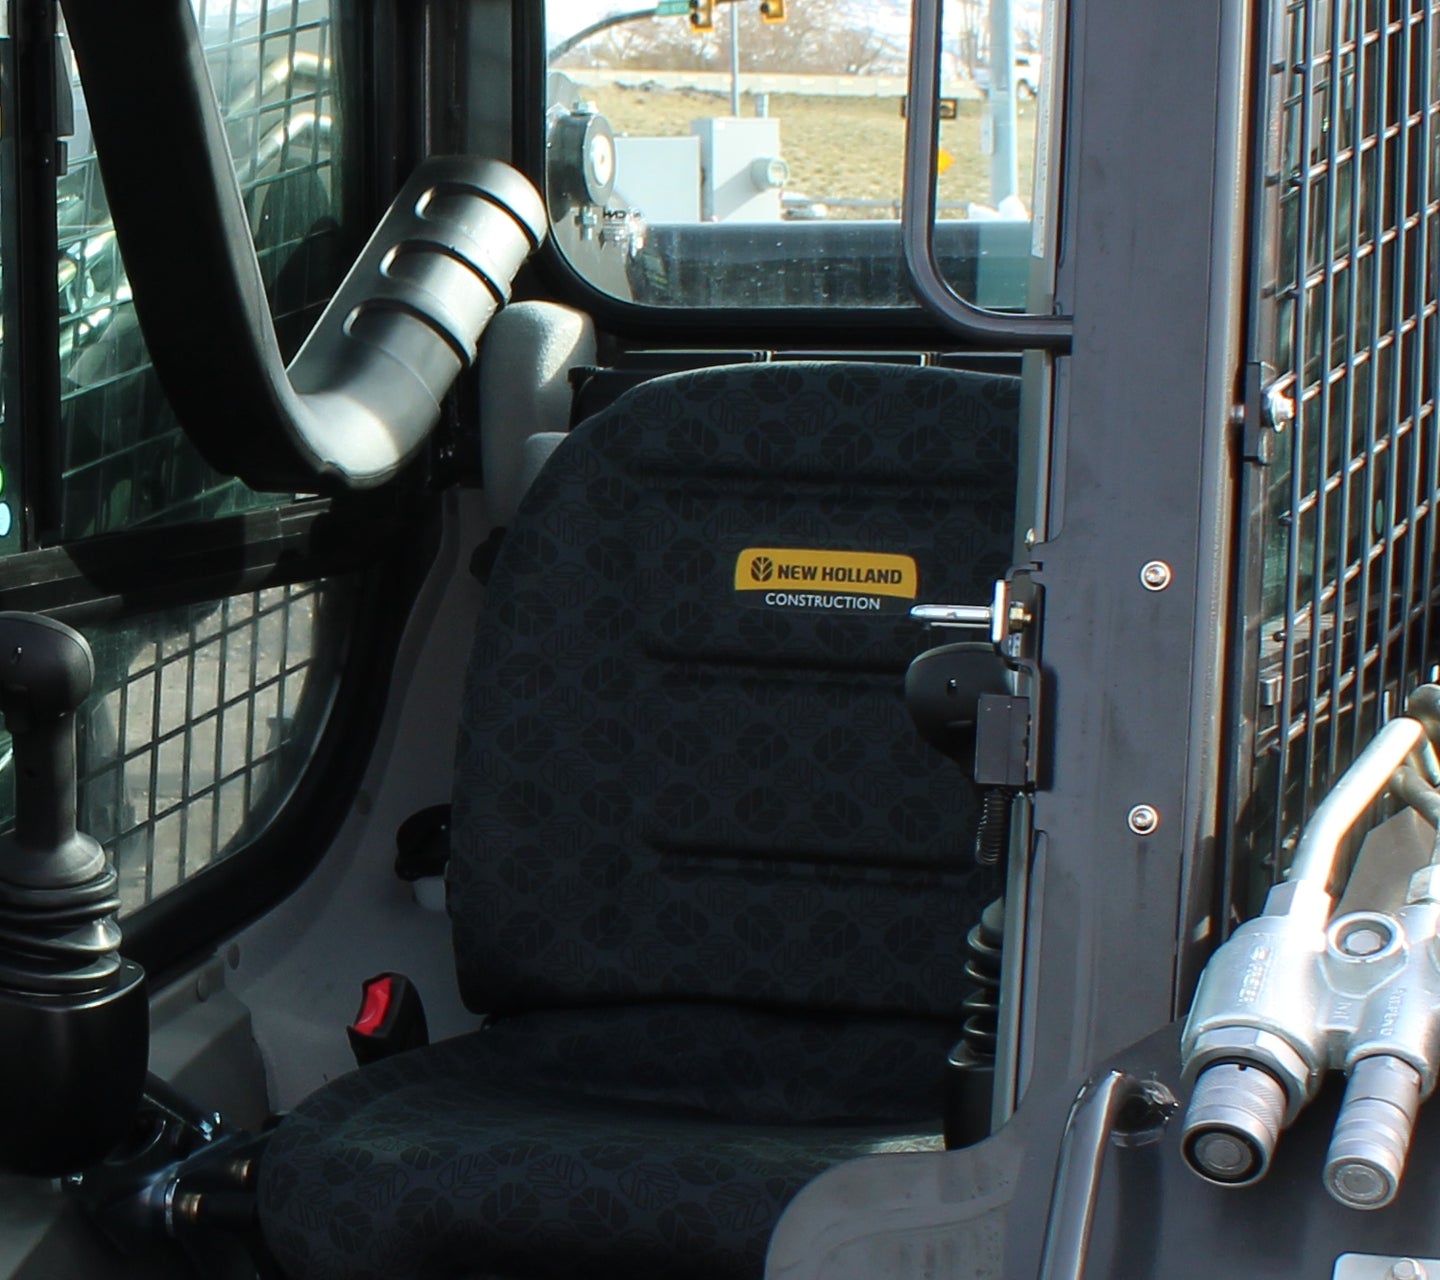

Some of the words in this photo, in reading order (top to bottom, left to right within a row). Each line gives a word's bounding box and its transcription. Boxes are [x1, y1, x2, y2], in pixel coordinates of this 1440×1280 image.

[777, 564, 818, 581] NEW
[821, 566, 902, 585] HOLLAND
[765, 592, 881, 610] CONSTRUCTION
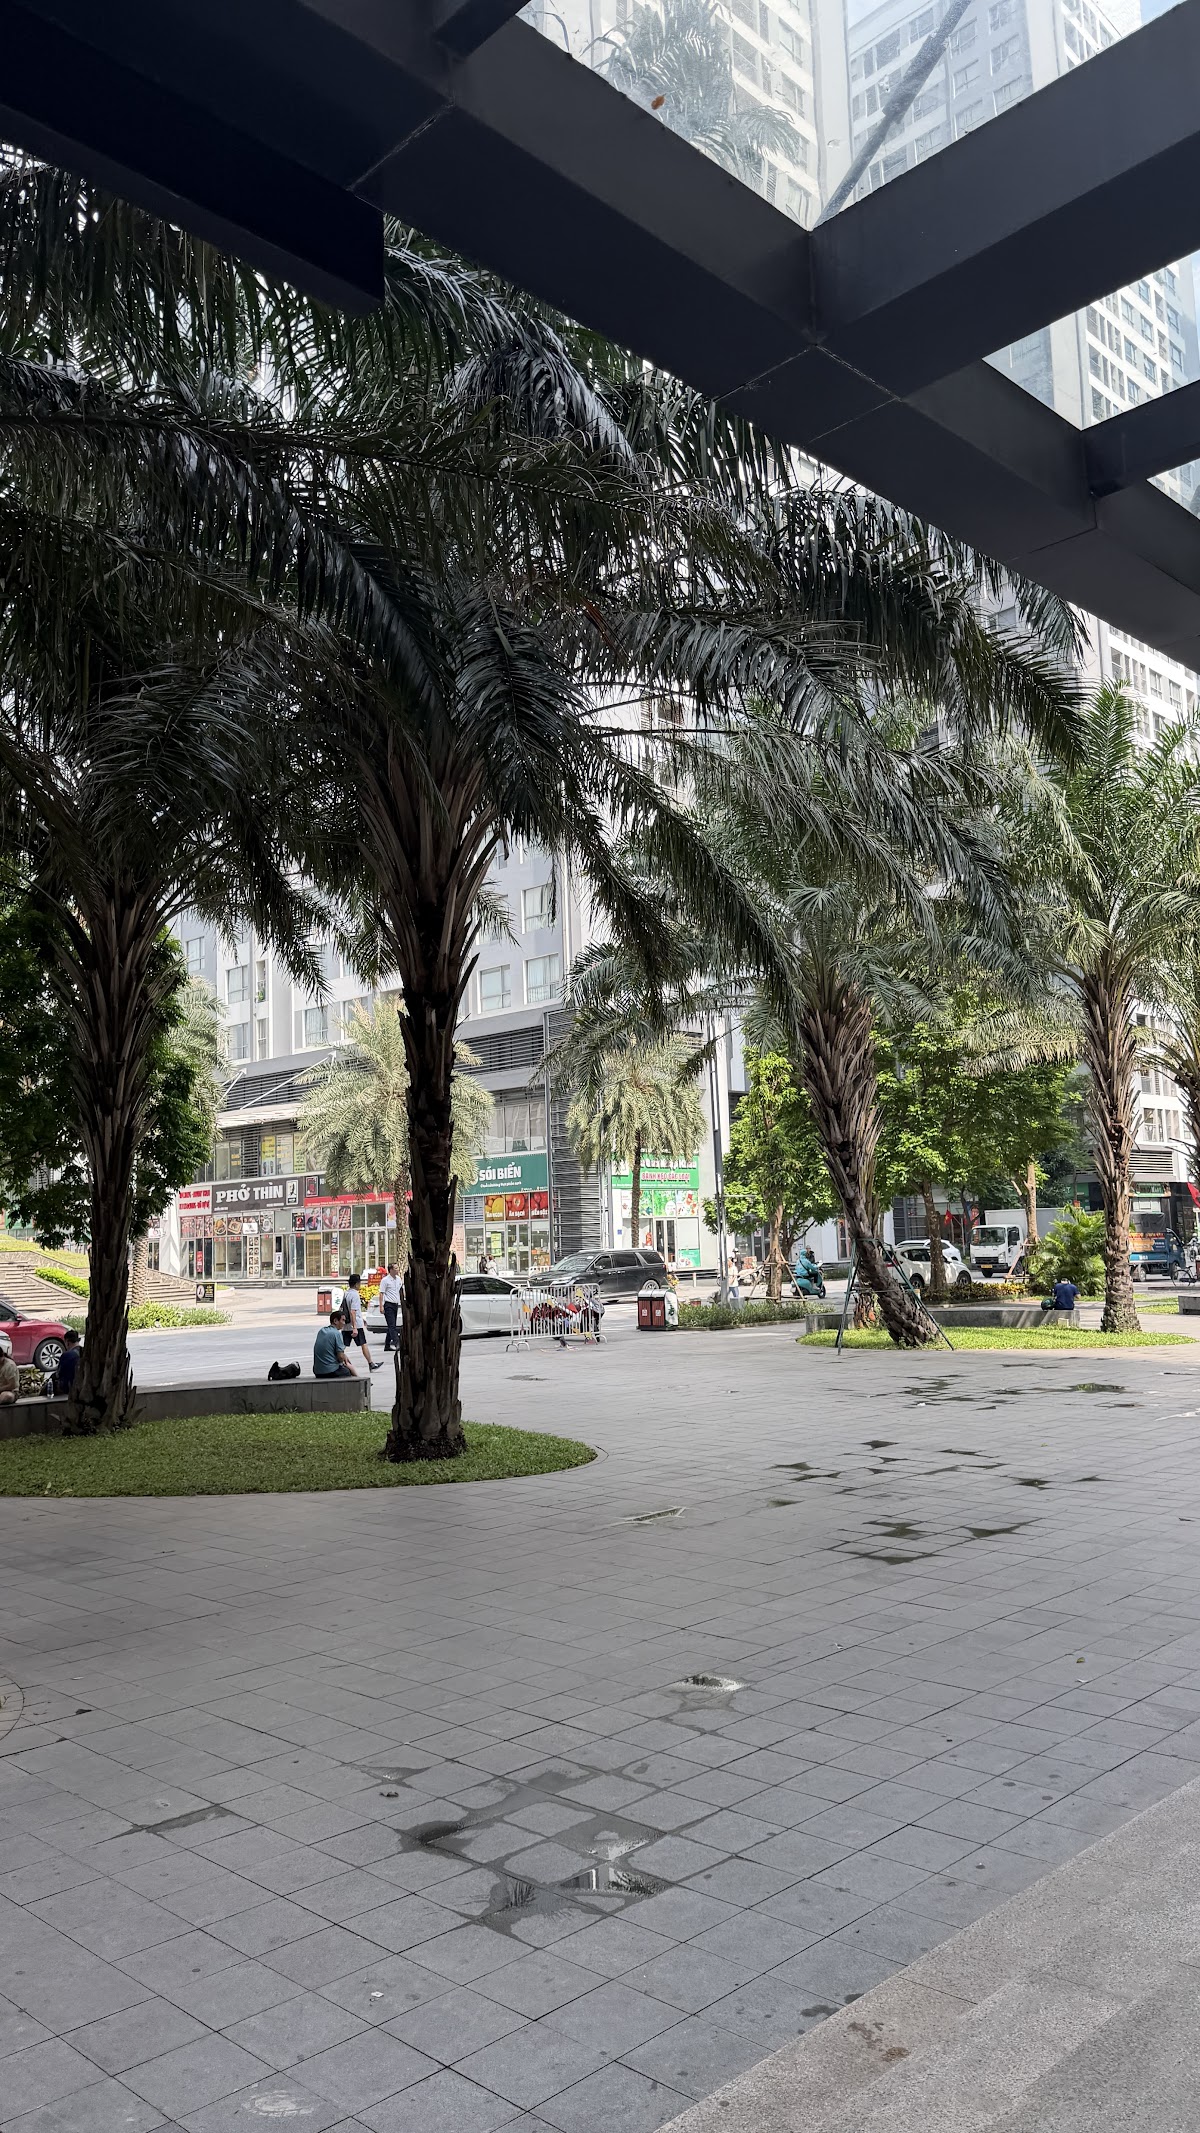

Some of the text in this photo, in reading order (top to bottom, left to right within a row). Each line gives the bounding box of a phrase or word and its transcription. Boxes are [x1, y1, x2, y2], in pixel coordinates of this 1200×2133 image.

■ **Work item**: Could you repeat the data exactly, omitting its pictures?

■ **Completed task**:
Some of the words in this photo, in reading order (top to bottom, left to right within a row). Each line gives a word's bounding box and its transcription. Boxes are [x1, y1, x2, y2], in pixel coordinates of this 1440×1280 image.

[777, 564, 818, 581] NEW
[821, 566, 902, 585] HOLLAND
[765, 592, 881, 610] CONSTRUCTION

Some of the text in this photo, in reading order (top to bottom, left to right within a row). Each line gives the bounding box of a phrase or word and its transcription. Boxes are [x1, y1, x2, y2], in pixel coordinates of this 1200×2133 image.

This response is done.